30 yaşıma girmeye ramak kala bıraktığım tüm ağırlıkların ardından temiz bir kafa ile şunu söylemek isterim ki: rahatladım. bu boyutta kendinle uğraşmanın verdiği tadı anlatmak ise muazzam. o yüzden güzel şeyler oluyor. daha ilk paragrafta düştük mü uzun cümlelerden? nerede kalmıştık? güzel şeylerde. bunları bahsetmek her zaman yaşandığı anda saklı kalıveriyor ya bu da anın büyüsü sanırım. anın büyüsü ile üç ay öncesine dönüp bir kez daha evet diyorum. kısa cümlelere, bol bol gülümsemeye…

& kimin ağıtı

” aradığınız hazine, belki de içine girmekten korktuğunuz mağarada saklıdır. ” – joseph campbell, reflections on the art of living

bir yol bulmak her zaman kolaydır, diyor. sadece başka türlü bir müebbet hapisle cezanızı çekmelisiniz; en kötü korkularınızın yarattığı cümleyle…

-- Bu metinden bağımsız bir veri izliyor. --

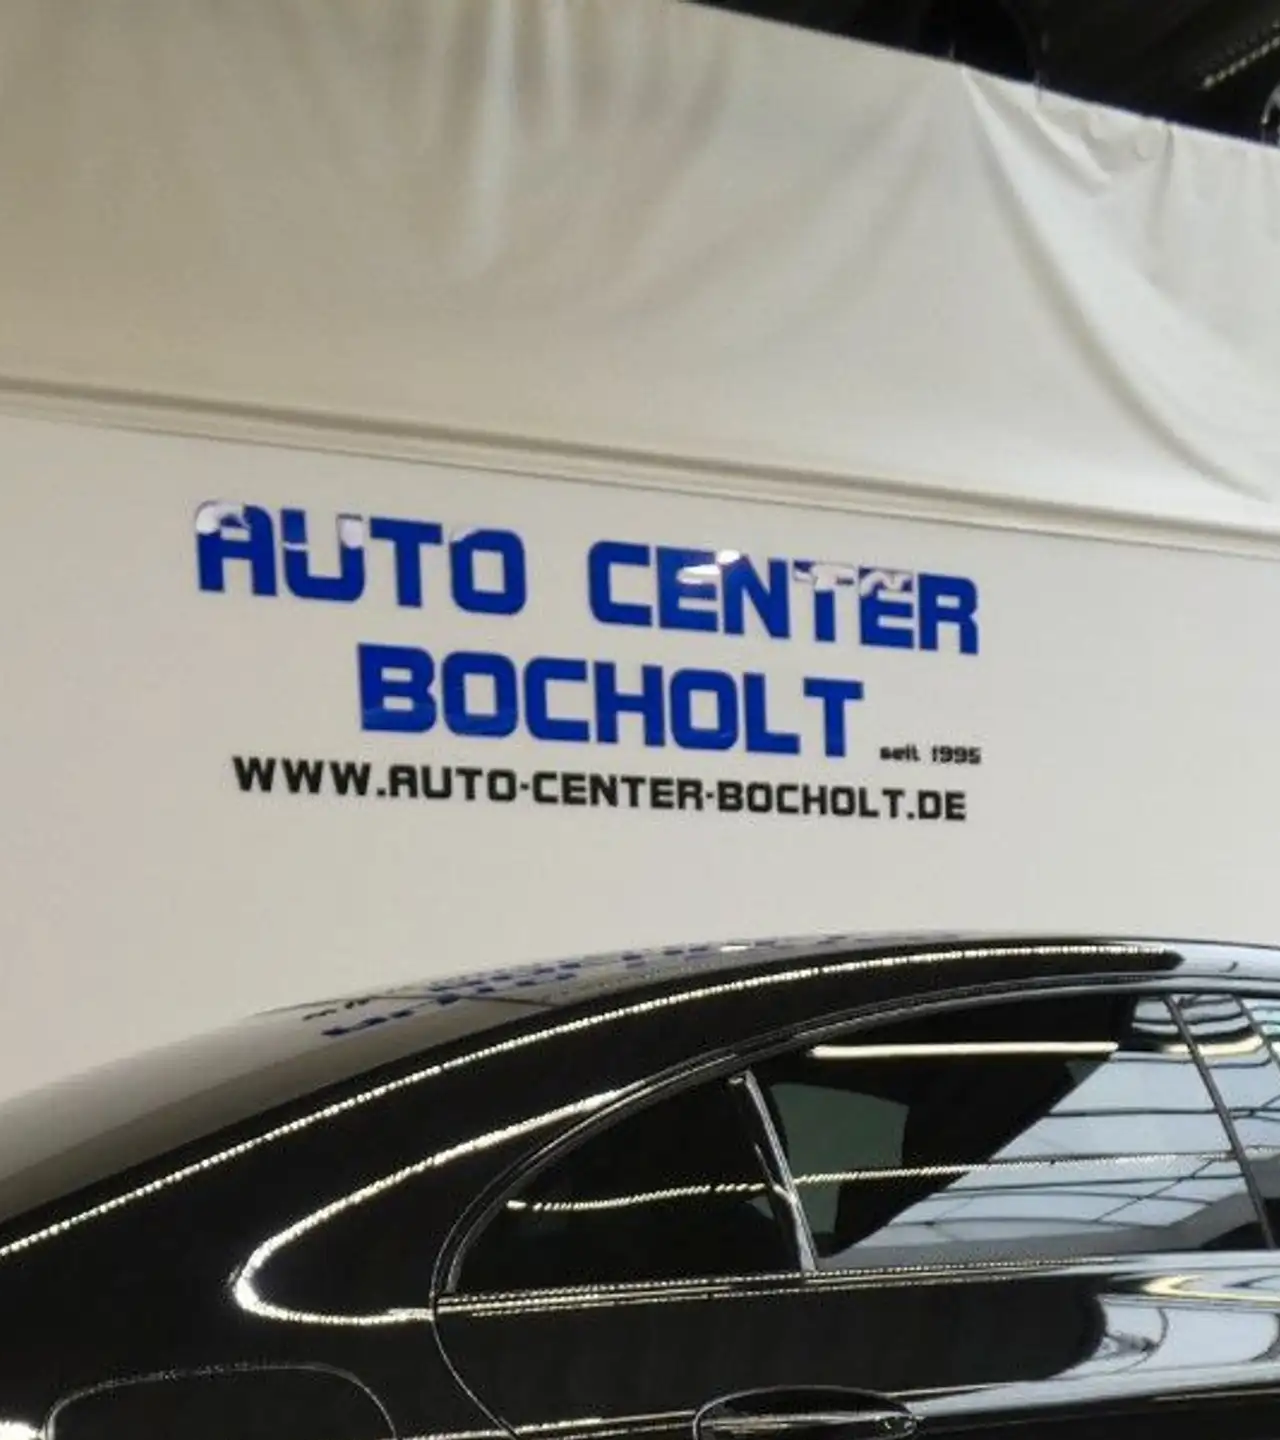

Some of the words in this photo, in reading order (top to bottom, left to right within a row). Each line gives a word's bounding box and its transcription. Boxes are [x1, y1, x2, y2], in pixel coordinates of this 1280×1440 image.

[195, 501, 527, 616] AUTO
[587, 540, 979, 655] CENTER
[357, 643, 864, 758] BOCHOLT
[232, 756, 967, 821] WWW.AUTO-CENTER-BOCHOLT.DE
[880, 744, 920, 762] seit
[931, 745, 981, 765] 1995

hayata; bir rahmin içerisinde, dizlerimi bedenime çekip 9 aylık süremi bekledikten sonra geldiğimi düşünmek ne kadar masum ve rahatlatıcı bir kurguymuş. ben buraya düşmeden önce bana bırakılan tüm duyguları, kaybolmuşlukları bilinçsizçe bir kordonla sahiplenmek ne kadar ağırmış.

ya da öyle zannetmişim.

yıllar öncesinde akıtılan tüm gözyaşlarının ağıtları bir olup sana bir kordonla aktarılırken hala bir yerlerde birilerinin acısının yangını onu sarmadan, sarılmadan, anlatmadan, anlaşılmadan sönmüyormuş. ben de sarıldım. dinledim ve anladım.

bu bağlamda; kimin bir ağıtı kaldıysa içinde, kim sarılmamış ve sevilmemişse en içinde – kim duyulmamışsa, kim anlaşılmamışsa… bir kez de onun için, sarmalı ve sevmeli.

karma

kaç kuşak daha sahnelenecek bu oyun? kaç kez farklı oyuncularla yorumlanacak sınırları içerisinde? çok izlendiği için mi yoksa sahneden inmediği için mi oyuncu. daha kaç kuşağın sırtına yüklenecek bu oyun?

dramı izleyenlerin alkışları yetecek mi oyuncuya?

yoksa sahneden inmeyi tercih eden mi yazacak “kendi” oyununu?

“kendi ve bir sonraki nesil için.”

“benim hayatımda böyle bir sahne yok” diyen oyuncuyu izlerken de karma döngüsünü kırmıştı o an. karmanın döngüsü de ağırdı.

I

Terazinin her iki kefesine kendi yargılarını ve duygularını koyan iki insan kendi dünyalarının hakimi olarak kazandı. 

Solun ağırlığı sağı yüceltti ve bu hiçbir zaman değişmedi.

II

Söylenmesi gereken hiçbir cümle hiçbir zaman tam anlamıyla söylenemedi  ve bu yüzden her cümle askıya alındı. 

Ihtiyacı olan birine devredildi. 

III

Tanıklar olayı milyonlarca kez kendi gözleri ile değerlendirdi. Yaşanan hep olay mahalinde kaldı ve bunu hiçkimse bilemedi.

O da anlatamadığı için böyle oldu zaten.

Çekildi kırmızı şerit, bu sefer herkes konuştu. 

– beraber

Mutlu anlar hep o anın askısına takılıp orada kalırken; aslında uzun uzun yazılan, uzun uzun konuşulan tüm dertler ve kederler soyutluğun ağırlığını kaldıramayıp bir tutanak arar. Satırlar gibi, bir şarkı gibi.

Takılıp kaldığım bu anların askısından hemen hemen hepsini tekrar tekrar giyip göstermek isterdim. Yazmak tercihen bir boşalma şekliyken; şimdi renklerimi gör isterim. Çünkü soyutluğun en güzel hali hep hissedilirken, görülüp/duyulup/dokunabilirken güzelmiş.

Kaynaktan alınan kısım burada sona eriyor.